[Opening Provided records section]

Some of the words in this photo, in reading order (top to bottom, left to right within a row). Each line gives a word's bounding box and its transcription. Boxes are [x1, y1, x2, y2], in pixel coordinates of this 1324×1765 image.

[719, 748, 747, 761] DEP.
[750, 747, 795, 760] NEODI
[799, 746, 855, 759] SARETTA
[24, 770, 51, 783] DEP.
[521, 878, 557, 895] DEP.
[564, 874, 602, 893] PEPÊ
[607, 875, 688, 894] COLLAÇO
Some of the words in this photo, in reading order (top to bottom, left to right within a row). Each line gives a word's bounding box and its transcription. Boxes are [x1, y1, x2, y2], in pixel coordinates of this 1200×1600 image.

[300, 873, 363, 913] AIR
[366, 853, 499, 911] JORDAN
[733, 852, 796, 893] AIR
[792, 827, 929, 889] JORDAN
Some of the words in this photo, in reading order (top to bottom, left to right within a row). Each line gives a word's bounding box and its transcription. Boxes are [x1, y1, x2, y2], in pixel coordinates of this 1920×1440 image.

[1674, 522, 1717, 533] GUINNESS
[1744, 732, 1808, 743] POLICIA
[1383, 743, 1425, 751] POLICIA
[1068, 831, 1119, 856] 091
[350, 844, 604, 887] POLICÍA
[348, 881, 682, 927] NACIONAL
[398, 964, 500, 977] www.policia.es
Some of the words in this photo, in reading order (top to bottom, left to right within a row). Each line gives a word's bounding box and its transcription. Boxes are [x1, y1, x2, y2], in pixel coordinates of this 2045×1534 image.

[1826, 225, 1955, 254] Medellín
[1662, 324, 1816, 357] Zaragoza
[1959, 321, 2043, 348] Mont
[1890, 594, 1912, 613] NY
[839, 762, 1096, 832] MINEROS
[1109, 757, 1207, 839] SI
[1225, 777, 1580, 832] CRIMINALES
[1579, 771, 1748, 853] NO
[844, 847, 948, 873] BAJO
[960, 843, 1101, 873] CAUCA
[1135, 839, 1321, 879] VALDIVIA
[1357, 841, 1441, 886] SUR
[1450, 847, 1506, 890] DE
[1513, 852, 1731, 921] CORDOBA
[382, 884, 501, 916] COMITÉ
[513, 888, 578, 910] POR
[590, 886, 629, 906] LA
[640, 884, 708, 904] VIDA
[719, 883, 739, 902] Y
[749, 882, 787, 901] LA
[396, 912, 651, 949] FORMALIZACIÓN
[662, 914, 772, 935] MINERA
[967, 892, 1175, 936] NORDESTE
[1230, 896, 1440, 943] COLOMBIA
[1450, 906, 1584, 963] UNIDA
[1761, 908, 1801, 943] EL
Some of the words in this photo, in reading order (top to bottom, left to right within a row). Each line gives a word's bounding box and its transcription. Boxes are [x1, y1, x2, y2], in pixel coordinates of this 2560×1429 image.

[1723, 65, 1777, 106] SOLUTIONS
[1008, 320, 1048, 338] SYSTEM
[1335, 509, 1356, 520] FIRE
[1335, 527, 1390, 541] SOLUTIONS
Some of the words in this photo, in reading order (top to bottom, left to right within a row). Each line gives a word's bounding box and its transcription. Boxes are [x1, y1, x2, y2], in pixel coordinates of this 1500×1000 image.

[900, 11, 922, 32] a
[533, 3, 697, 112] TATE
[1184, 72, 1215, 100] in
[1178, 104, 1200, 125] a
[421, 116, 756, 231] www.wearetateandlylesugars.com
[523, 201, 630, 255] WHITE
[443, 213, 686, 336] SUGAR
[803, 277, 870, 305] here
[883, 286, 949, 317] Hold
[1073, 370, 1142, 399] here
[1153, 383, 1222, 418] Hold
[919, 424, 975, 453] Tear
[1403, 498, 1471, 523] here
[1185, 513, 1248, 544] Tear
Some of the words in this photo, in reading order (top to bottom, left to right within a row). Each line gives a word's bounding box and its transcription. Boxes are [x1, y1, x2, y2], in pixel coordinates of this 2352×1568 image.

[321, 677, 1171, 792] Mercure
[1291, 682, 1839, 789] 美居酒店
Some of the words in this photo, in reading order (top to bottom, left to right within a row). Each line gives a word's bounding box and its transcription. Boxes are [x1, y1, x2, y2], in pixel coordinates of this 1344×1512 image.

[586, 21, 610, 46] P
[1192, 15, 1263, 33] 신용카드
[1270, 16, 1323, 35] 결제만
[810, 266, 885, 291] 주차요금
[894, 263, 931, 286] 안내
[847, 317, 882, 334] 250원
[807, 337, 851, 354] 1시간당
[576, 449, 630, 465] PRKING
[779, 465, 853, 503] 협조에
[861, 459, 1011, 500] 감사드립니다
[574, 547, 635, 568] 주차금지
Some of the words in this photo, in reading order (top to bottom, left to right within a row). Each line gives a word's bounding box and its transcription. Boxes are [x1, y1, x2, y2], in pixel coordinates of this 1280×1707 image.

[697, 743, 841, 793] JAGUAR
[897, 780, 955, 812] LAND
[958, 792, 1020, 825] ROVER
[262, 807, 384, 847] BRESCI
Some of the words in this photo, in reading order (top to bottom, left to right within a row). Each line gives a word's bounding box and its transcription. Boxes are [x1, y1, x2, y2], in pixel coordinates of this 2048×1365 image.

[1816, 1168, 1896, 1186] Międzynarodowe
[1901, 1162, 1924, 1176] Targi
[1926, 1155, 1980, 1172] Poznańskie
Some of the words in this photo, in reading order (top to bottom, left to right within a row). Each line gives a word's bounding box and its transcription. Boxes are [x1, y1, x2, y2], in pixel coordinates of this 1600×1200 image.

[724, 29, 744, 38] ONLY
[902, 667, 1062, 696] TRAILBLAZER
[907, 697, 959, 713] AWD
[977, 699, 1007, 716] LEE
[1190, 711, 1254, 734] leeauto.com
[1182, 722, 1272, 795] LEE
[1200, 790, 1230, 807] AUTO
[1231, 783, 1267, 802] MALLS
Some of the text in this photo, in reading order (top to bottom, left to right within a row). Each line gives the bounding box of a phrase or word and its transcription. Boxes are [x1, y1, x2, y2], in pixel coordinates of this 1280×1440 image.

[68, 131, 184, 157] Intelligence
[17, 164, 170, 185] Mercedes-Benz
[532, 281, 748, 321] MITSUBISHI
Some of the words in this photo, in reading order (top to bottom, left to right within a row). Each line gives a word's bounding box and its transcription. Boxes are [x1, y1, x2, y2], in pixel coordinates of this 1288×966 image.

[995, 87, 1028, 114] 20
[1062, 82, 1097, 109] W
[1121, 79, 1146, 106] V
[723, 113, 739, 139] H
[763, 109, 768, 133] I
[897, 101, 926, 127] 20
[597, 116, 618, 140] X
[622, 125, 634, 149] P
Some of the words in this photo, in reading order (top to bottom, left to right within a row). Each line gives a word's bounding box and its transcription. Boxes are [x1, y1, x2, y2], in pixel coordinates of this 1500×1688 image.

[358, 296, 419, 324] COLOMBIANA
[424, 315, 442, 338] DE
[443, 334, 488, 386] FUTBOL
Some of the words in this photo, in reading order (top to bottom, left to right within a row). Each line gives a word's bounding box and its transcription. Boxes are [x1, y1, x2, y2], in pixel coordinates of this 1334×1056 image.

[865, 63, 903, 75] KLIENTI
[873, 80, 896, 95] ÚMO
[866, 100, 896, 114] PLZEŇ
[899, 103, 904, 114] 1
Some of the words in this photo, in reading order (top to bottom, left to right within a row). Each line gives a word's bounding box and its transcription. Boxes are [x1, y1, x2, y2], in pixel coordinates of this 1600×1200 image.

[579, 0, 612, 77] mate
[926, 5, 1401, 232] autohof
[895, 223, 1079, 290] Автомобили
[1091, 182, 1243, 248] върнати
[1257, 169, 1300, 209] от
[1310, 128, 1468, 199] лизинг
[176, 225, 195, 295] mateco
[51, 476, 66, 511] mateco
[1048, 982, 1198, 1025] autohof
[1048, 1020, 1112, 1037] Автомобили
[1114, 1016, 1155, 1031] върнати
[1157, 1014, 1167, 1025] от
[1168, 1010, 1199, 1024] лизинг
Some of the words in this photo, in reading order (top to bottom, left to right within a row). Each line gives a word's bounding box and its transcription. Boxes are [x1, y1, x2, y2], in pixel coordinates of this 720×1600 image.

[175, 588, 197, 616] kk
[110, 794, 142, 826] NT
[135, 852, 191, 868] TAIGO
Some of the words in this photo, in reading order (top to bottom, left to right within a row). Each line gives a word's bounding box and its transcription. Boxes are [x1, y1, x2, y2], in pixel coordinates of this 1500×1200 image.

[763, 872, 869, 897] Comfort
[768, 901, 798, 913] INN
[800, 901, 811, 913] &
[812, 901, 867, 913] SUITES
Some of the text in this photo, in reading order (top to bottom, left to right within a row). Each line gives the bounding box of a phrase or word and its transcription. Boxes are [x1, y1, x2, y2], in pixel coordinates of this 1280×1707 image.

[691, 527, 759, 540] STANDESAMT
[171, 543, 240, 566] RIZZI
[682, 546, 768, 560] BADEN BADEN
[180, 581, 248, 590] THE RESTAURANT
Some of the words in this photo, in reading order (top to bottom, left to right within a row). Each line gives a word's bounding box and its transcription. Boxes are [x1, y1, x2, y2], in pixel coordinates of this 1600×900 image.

[Closing Provided records section]

§ What the task asks
Take the lines from the one containing "this 1500×1200 image." to the last line of the material above and write them out exactly.

§ Task result
Some of the words in this photo, in reading order (top to bottom, left to right within a row). Each line gives a word's bounding box and its transcription. Boxes are [x1, y1, x2, y2], in pixel coordinates of this 1500×1200 image.

[763, 872, 869, 897] Comfort
[768, 901, 798, 913] INN
[800, 901, 811, 913] &
[812, 901, 867, 913] SUITES
Some of the text in this photo, in reading order (top to bottom, left to right within a row). Each line gives the bounding box of a phrase or word and its transcription. Boxes are [x1, y1, x2, y2], in pixel coordinates of this 1280×1707 image.

[691, 527, 759, 540] STANDESAMT
[171, 543, 240, 566] RIZZI
[682, 546, 768, 560] BADEN BADEN
[180, 581, 248, 590] THE RESTAURANT
Some of the words in this photo, in reading order (top to bottom, left to right within a row). Each line gives a word's bounding box and its transcription. Boxes are [x1, y1, x2, y2], in pixel coordinates of this 1600×900 image.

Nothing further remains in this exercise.